Download or read book Laboratory of Dreams written by John E. Bowlt and published by . This book was released on 1996 with total page 359 pages. Available in PDF, EPUB and Kindle. Book excerpt: Drawing upon social history, material culture, and the sciences, this is the first interdisciplinary study of the Russian avant-garde, a brilliant constellation of personalities and ideas that changed the course of Russian culture just before and after the First World War. Though different in creative systems and applications, the artists and writers of the Russian avant-garde shared certain fundamental attitudes toward the purpose of culture, believing, for example, that art had the power to change "life", even as defined by science. The essays discuss the many refractions of that common denominator, treating the avant-garde not as a purely artistic and literary movement, but as a multifarious phenomenon that included cultural experimentation normally considered beyond the confines of the avant-garde. In one way or another, all the contributors demonstrate that the artists and writers of the Russian avant-garde attempted to make the word flesh by restructuring human life, for the avant-garde not only generated new configurations of geometries and dissonant phonemes, but also heralded the transformations of the world by seeking to overcome physical, even biological barriers.
Download or read book The Scientific Study of Dreams written by G. William Domhoff and published by Amer Psychological Assn. This book was released on 2003-01 with total page 209 pages. Available in PDF, EPUB and Kindle. Book excerpt: Domhoff's neurocognitive model helps explain the neural and cognitive bases for dreaming. He discusses how dreams express conceptions and concerns, and how they are consistent over years and decades. He also shows that there may be limits to understanding the meaning of dreams as there are many aspects of dream content that cannot be related to waking cognition or personal concerns. In addition, the book includes a detailed explanation of the methods needed to test the new model as well as a case study of a comprehensive dream journal. Particularly valuable is a discussion of a new system of content analysis that can be used for highly sophisticated studies of dream content. In this provocative book, Domhoff sets forth a convincing argument that will encourage a resurgence in dream research among both new and established cognitive psychologists and neuropsychologists.
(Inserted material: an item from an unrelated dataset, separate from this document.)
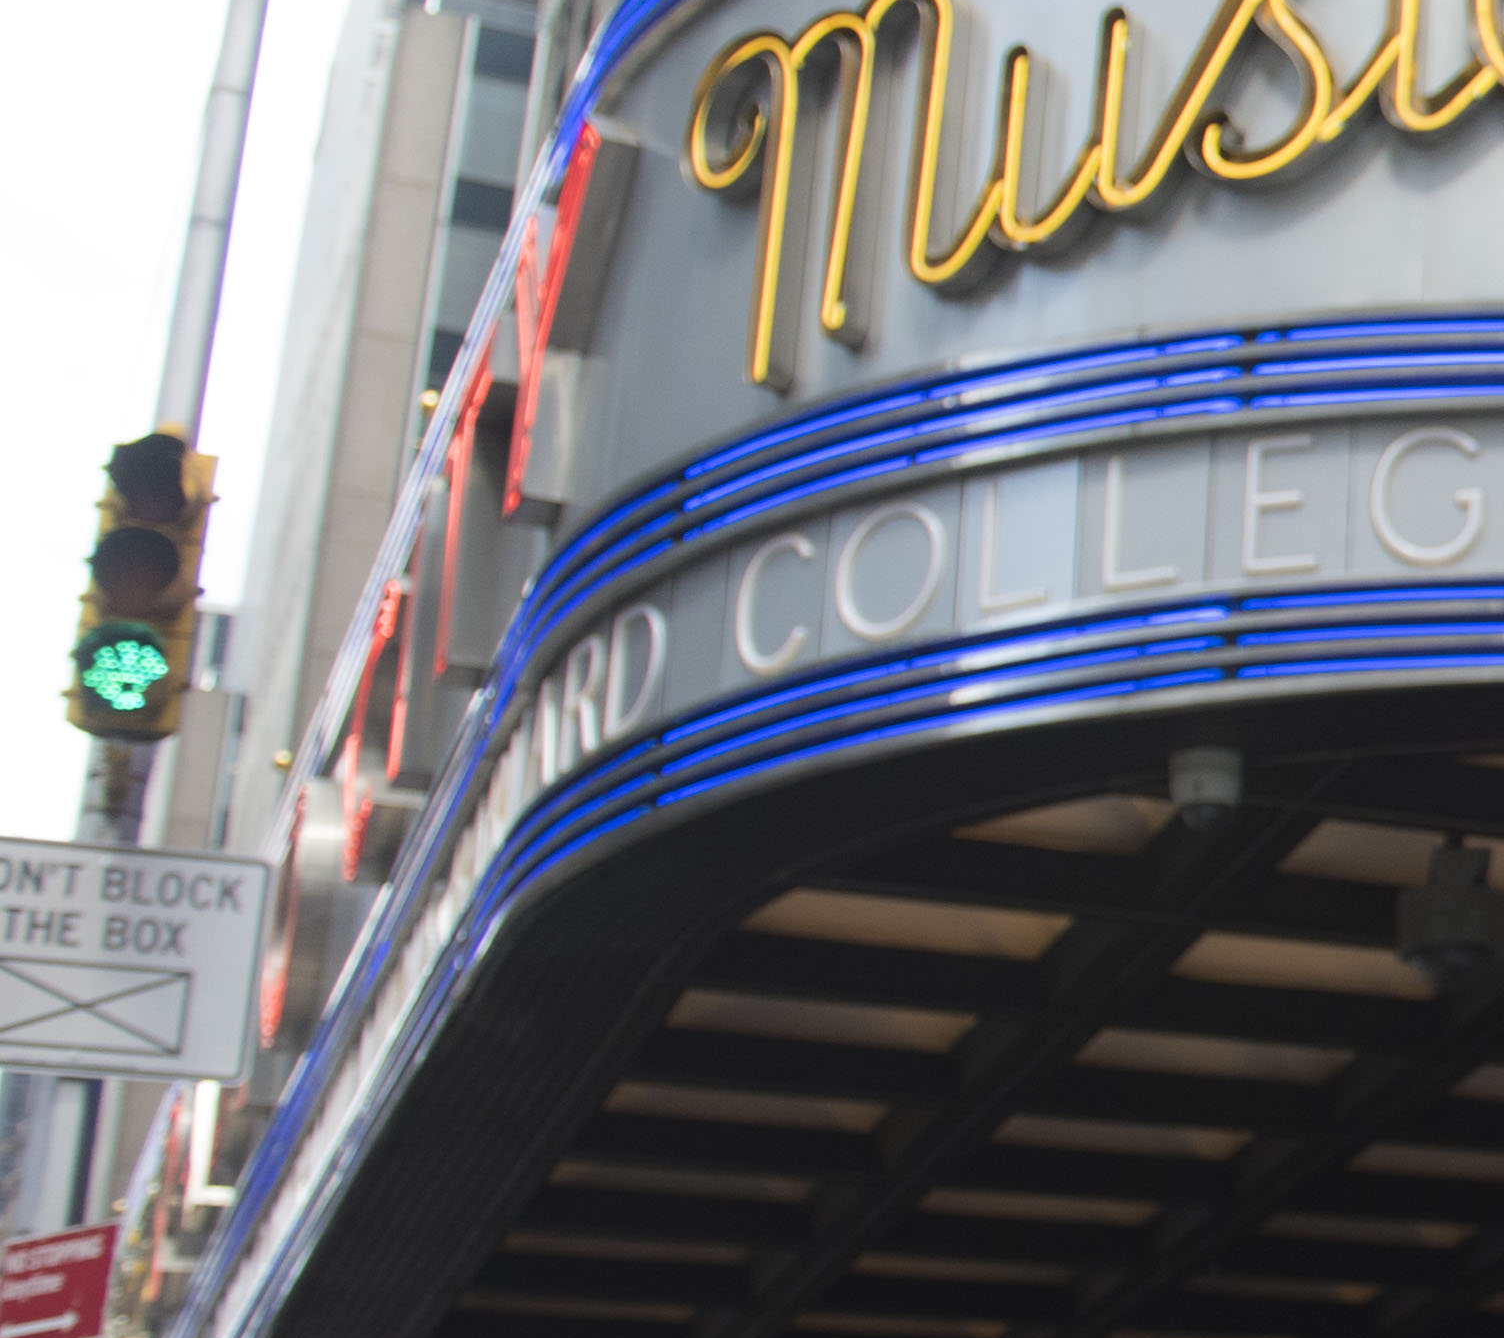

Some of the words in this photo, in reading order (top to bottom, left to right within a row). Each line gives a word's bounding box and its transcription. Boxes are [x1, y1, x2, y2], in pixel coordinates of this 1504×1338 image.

[101, 865, 244, 912] BLOCK
[4, 907, 81, 948] THE
[102, 914, 187, 956] BOX
Download or read book Sweet Dreams written by Daniel C. Dennett and published by MIT Press. This book was released on 2006-09-08 with total page 228 pages. Available in PDF, EPUB and Kindle. Book excerpt: In the years since Daniel Dennett's influential Consciousness Explained was published in 1991, scientific research on consciousness has been a hotly contested battleground of rival theories—"so rambunctious," Dennett observes, "that several people are writing books just about the tumult." With Sweet Dreams, Dennett returns to the subject for "revision and renewal" of his theory of consciousness, taking into account major empirical advances in the field since 1991 as well as recent theoretical challenges. In Consciousness Explained, Dennett proposed to replace the ubiquitous but bankrupt Cartesian Theater model (which posits a privileged place in the brain where "it all comes together" for the magic show of consciousness) with the Multiple Drafts Model. Drawing on psychology, cognitive neuroscience, and artificial intelligence, he asserted that human consciousness is essentially the mental software that reorganizes the functional architecture of the brain. In Sweet Dreams, he recasts the Multiple Drafts Model as the "fame in the brain" model, as a background against which to examine the philosophical issues that "continue to bedevil the field." With his usual clarity and brio, Dennett enlivens his arguments with a variety of vivid examples. He isolates the "Zombic Hunch" that distorts much of the theorizing of both philosophers and scientists, and defends heterophenomenology, his "third-person" approach to the science of consciousness, against persistent misinterpretations and objections. The old challenge of Frank Jackson's thought experiment about Mary the color scientist is given a new rebuttal in the form of "RoboMary," while his discussion of a famous card trick, "The Tuned Deck," is designed to show that David Chalmers's Hard Problem is probably just a figment of theorists' misexploited imagination. In the final essay, the "intrinsic" nature of "qualia" is compared with the naively imagined "intrinsic value" of a dollar in "Consciousness—How Much is That in Real Money?"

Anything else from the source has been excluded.